··· Data for this exercise ···

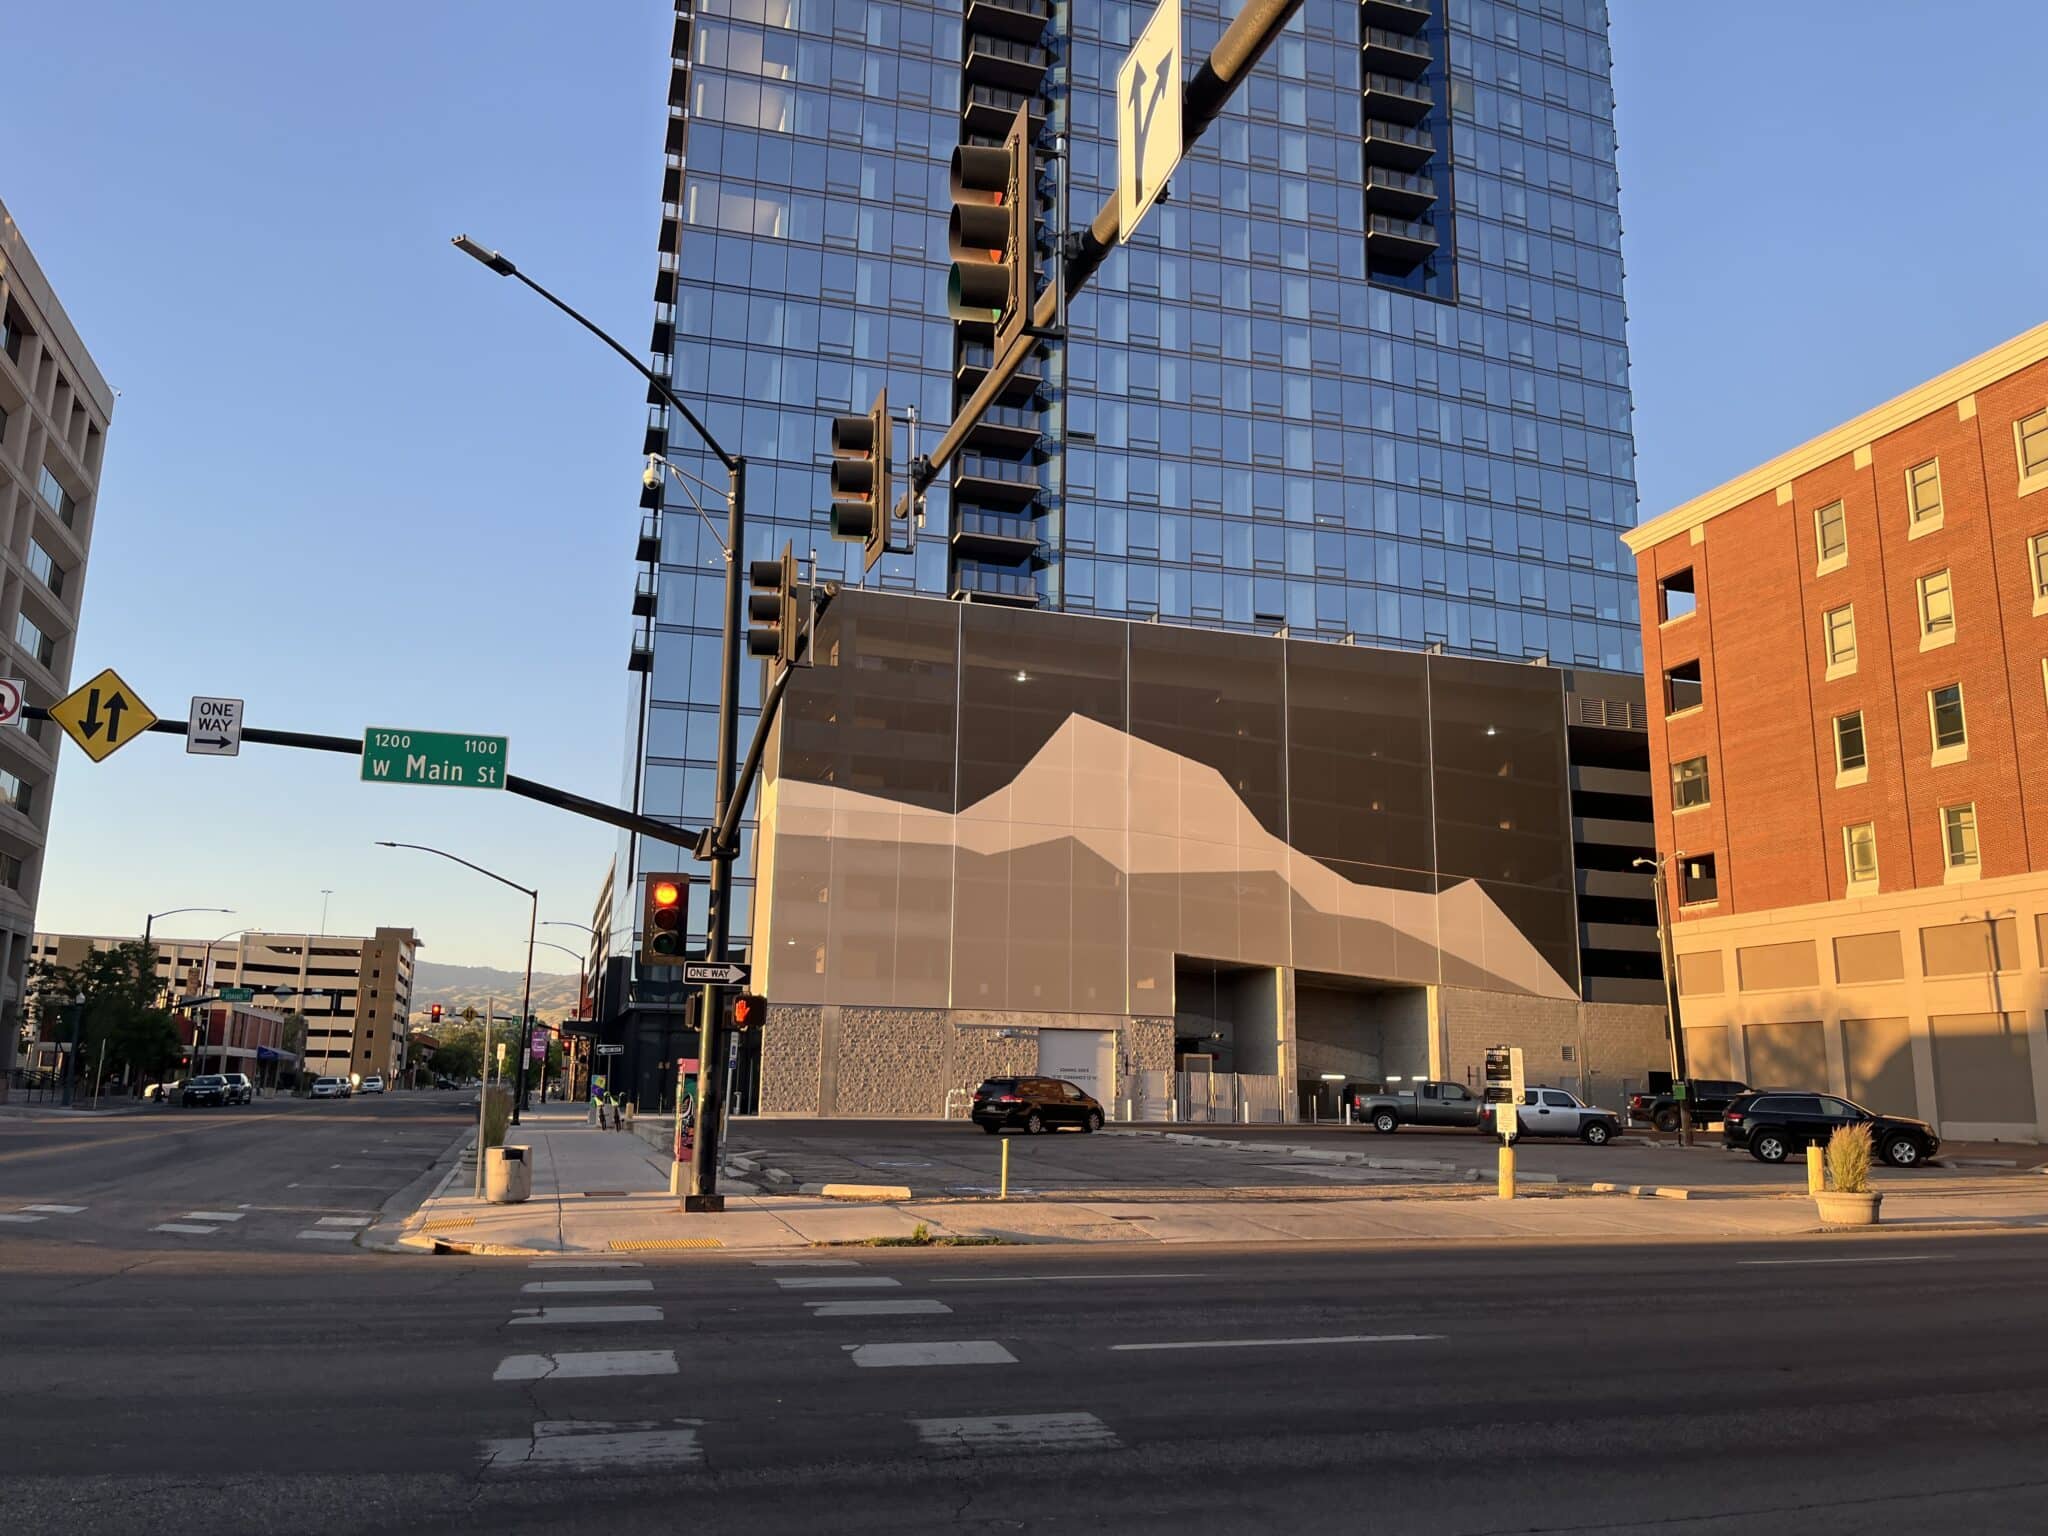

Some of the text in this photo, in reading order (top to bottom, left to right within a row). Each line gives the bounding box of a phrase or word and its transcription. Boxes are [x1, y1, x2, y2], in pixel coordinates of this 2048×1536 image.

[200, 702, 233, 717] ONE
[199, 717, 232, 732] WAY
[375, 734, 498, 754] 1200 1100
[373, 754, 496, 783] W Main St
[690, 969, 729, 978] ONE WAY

···

**What you will do:**
Print the records above again exactly. Leave out the images.

**Reply:**
Some of the text in this photo, in reading order (top to bottom, left to right within a row). Each line gives the bounding box of a phrase or word and its transcription. Boxes are [x1, y1, x2, y2], in pixel coordinates of this 2048×1536 image.

[200, 702, 233, 717] ONE
[199, 717, 232, 732] WAY
[375, 734, 498, 754] 1200 1100
[373, 754, 496, 783] W Main St
[690, 969, 729, 978] ONE WAY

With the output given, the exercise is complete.